Step A-3: judging whether the attributes of the numbers/English letters are obtained or not, if the attributes are obtained through the steps, filling word slots in a frame, wherein the frame adopts the following steps: and filling by using an attribute + target number/English letter sequence method. In some cases, the number/english letter in the control instruction does not have an adjacent word to perform attribute judgment, so that the target attribute cannot be judged by the above method, and at this time, the attribute needs to be estimated according to the historical data, and frame filling needs to be performed according to the estimation result.
And 5: phrase formation
Since the frame is structured, the step only needs to extract the frame and extract the information in the frame according to the task.
The method is based on semantic chunks and hidden Markov models of linguistics to identify phrases which are formed by special control terms and appear in control instructions and attributes of singly appearing numeric/English letter sequences or sequence combinations, and form corresponding frame description structures;
the extraction of the special control term phrase based on the semantic chunk comprises the steps of performing part-of-speech setting on the special control term, and designing a corresponding search principle according to the use rule of the special control term to extract phrase information;
the attribute recognition of the number/English letter sequence based on the hidden Markov model comprises the steps of recognizing and extracting the attribute of a target number/English letter sequence by using a forward-backward method;
the method can be applied to semantic understanding of the control command in the air traffic control system.

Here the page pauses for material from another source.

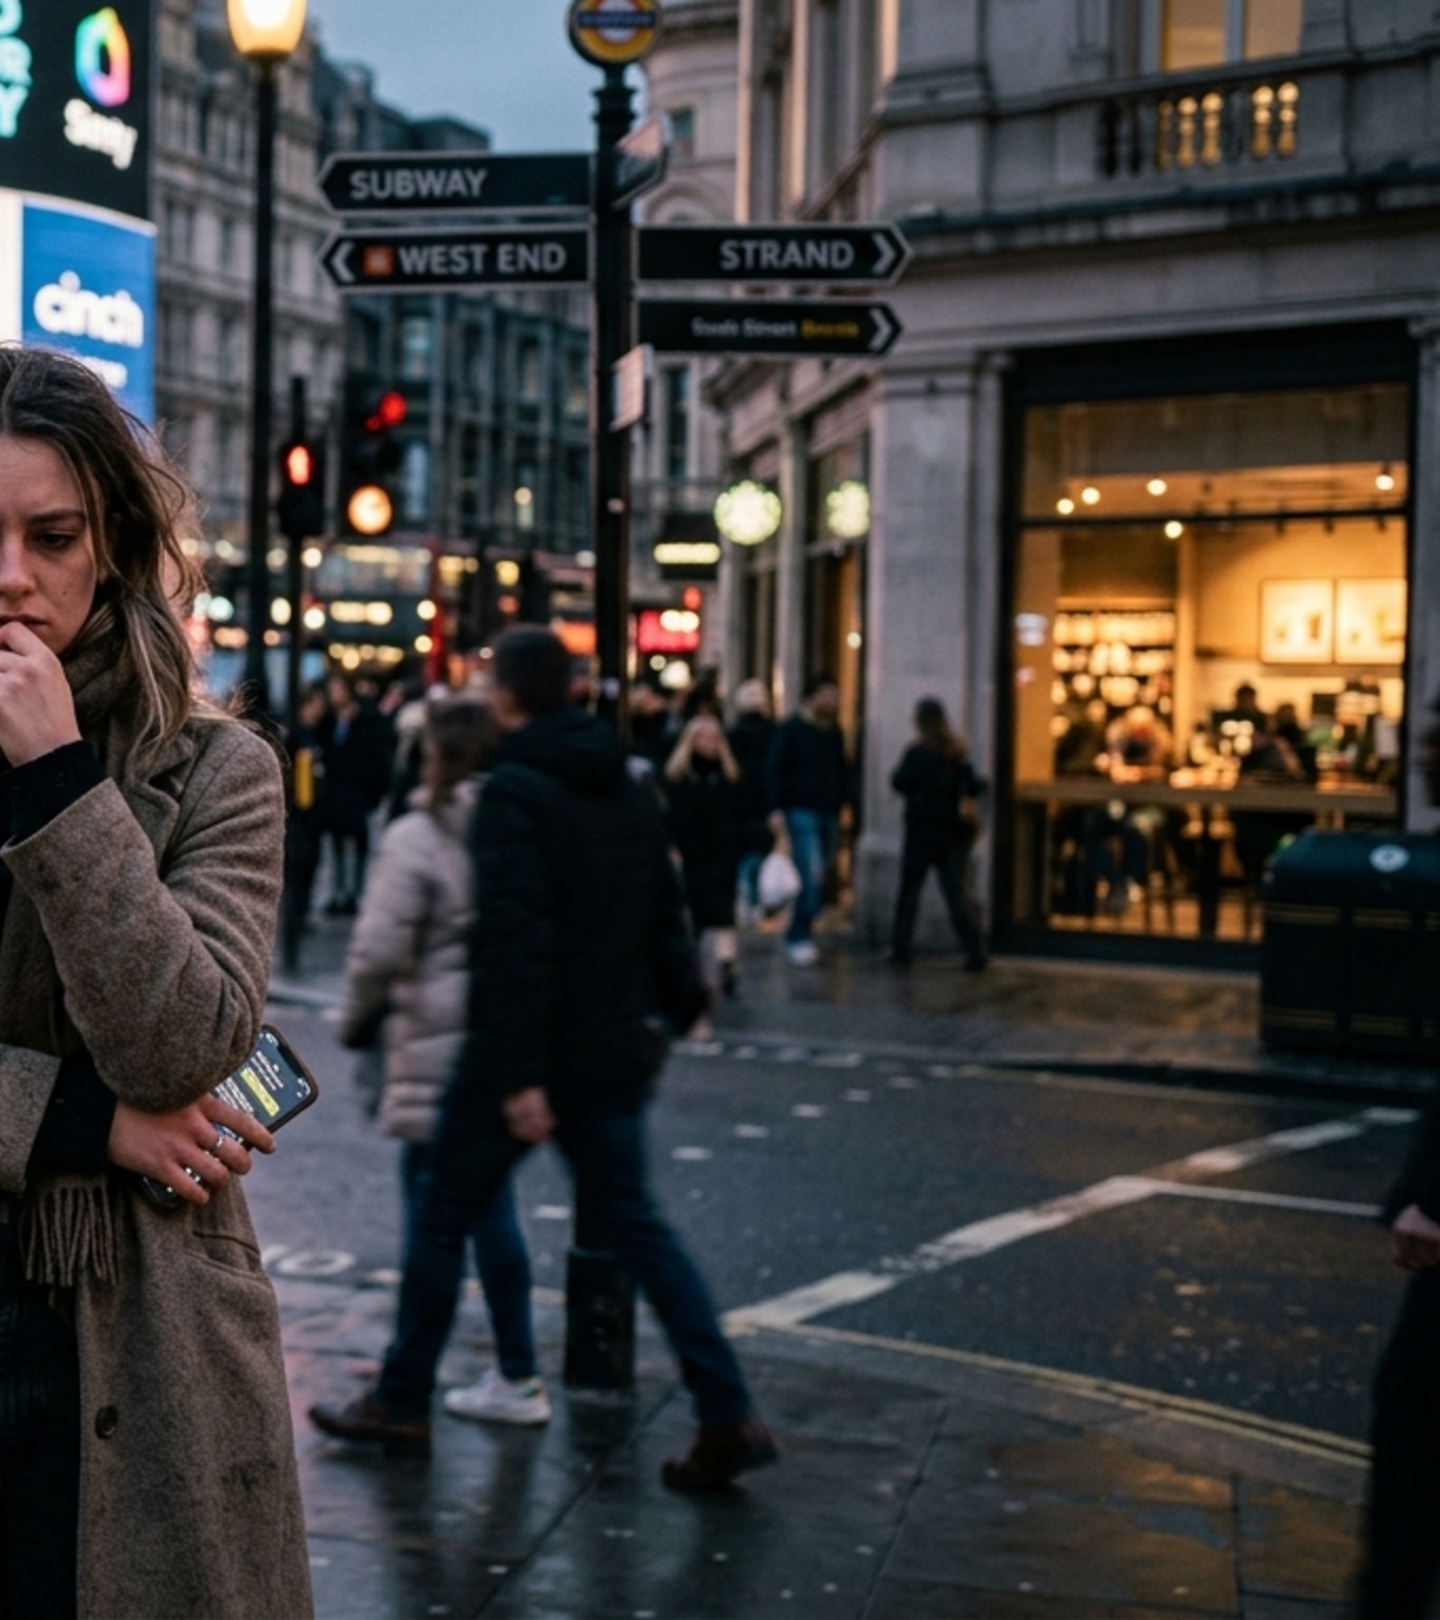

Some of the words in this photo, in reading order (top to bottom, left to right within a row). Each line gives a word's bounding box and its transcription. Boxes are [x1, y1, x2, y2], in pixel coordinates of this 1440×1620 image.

[349, 169, 487, 199] SUBWAY
[398, 243, 488, 275] WEST
[496, 242, 567, 273] END
[719, 239, 855, 270] STRAND

The invention can effectively process the extraction work of the important information from the control instruction.
Examples
For convenience of illustration and description, the steps implemented herein are divided according to the main flow chart shown in fig. 2, and are explained in conjunction with the actual policing instructions. First, an example of a policing instruction is given:
1. DAL185, east tower, gust of wind 12 m sec, glides along taxiway d5p4a 5.
2. Beijing area, CSN6723, above the berth head, 35 minutes, 8400 meters hold.

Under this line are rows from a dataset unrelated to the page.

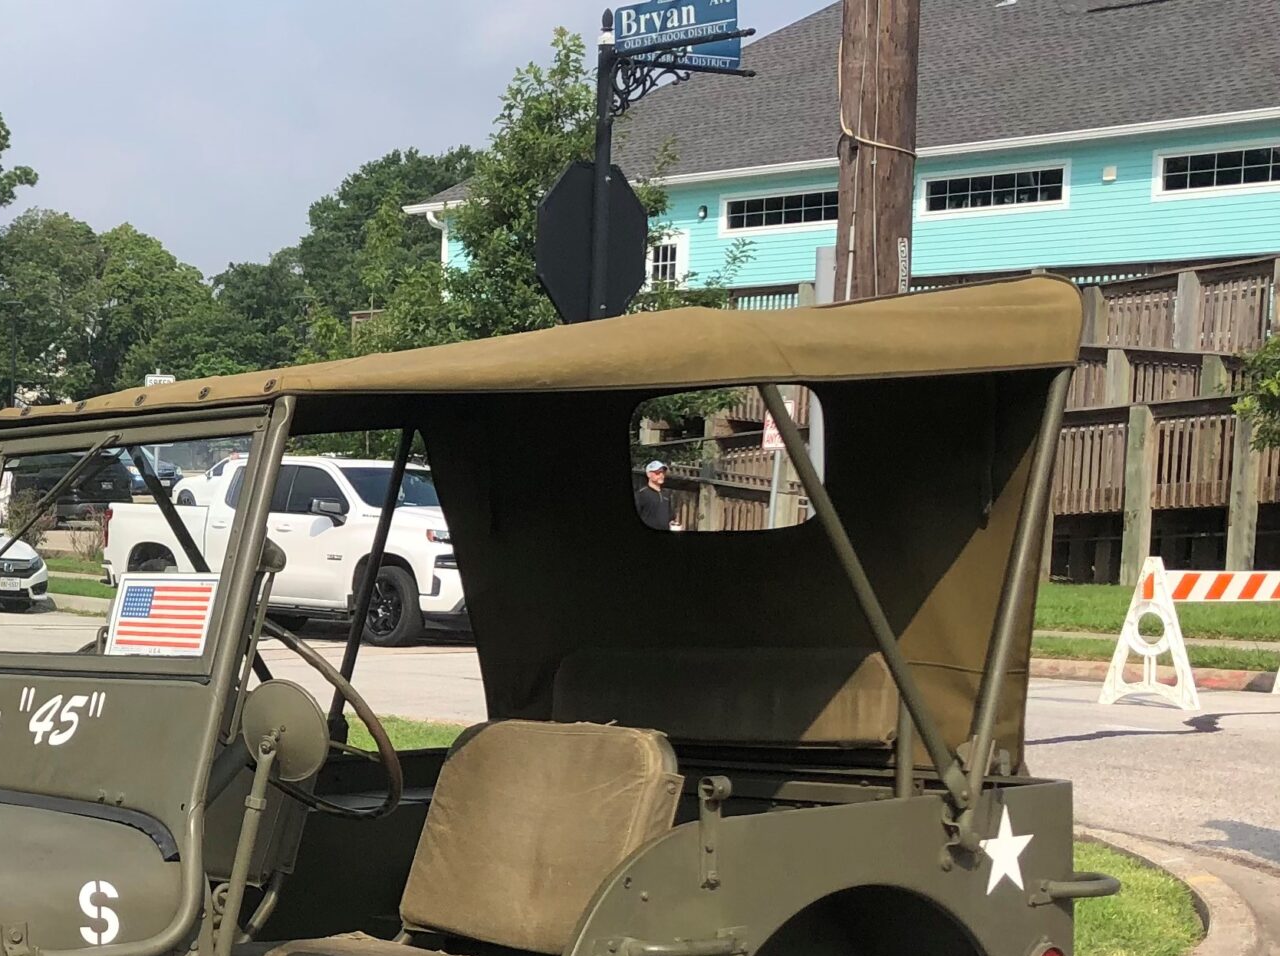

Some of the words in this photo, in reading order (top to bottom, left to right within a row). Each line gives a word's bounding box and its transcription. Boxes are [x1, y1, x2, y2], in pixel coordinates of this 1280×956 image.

[621, 5, 696, 38] Bryan
[624, 40, 642, 49] OLD
[644, 30, 686, 46] SEABROOK
[688, 23, 728, 39] DISTRICT
[692, 58, 730, 68] DISTRICT
[19, 687, 106, 746] "45"
[78, 880, 120, 945] S

3. CCA1234, please immediately go up to 87.
Step 1: part of speech analysis
The method comprises three steps of treatment processes: chinese segmentation, part-of-speech tagging and target word searching, wherein the target word can be a special control term or a numeric/English letter sequence and the like. Because the part of speech of the special control term is set, the result after part of speech tagging is shown in fig. 4, and only the target words of the special control term, the number, the English letter and the like which focus on are shown in the way. According to the result of the part-of-speech analysis, the part-of-speech is taken as the feature of a word, and a special control term, namely the word marked as 'Sp', is firstly found out: east tower, gust, taxiways, Beijing area; and the numeric/english alphabetic sequence, i.e. the words labeled "m" or "eng": DAL, 185, 12, d5p4a5, CSN, 6723, 35, 8400, CCA, 1234, 87. The special control terms are processed first, and then the numeric/English letter sequences are processed.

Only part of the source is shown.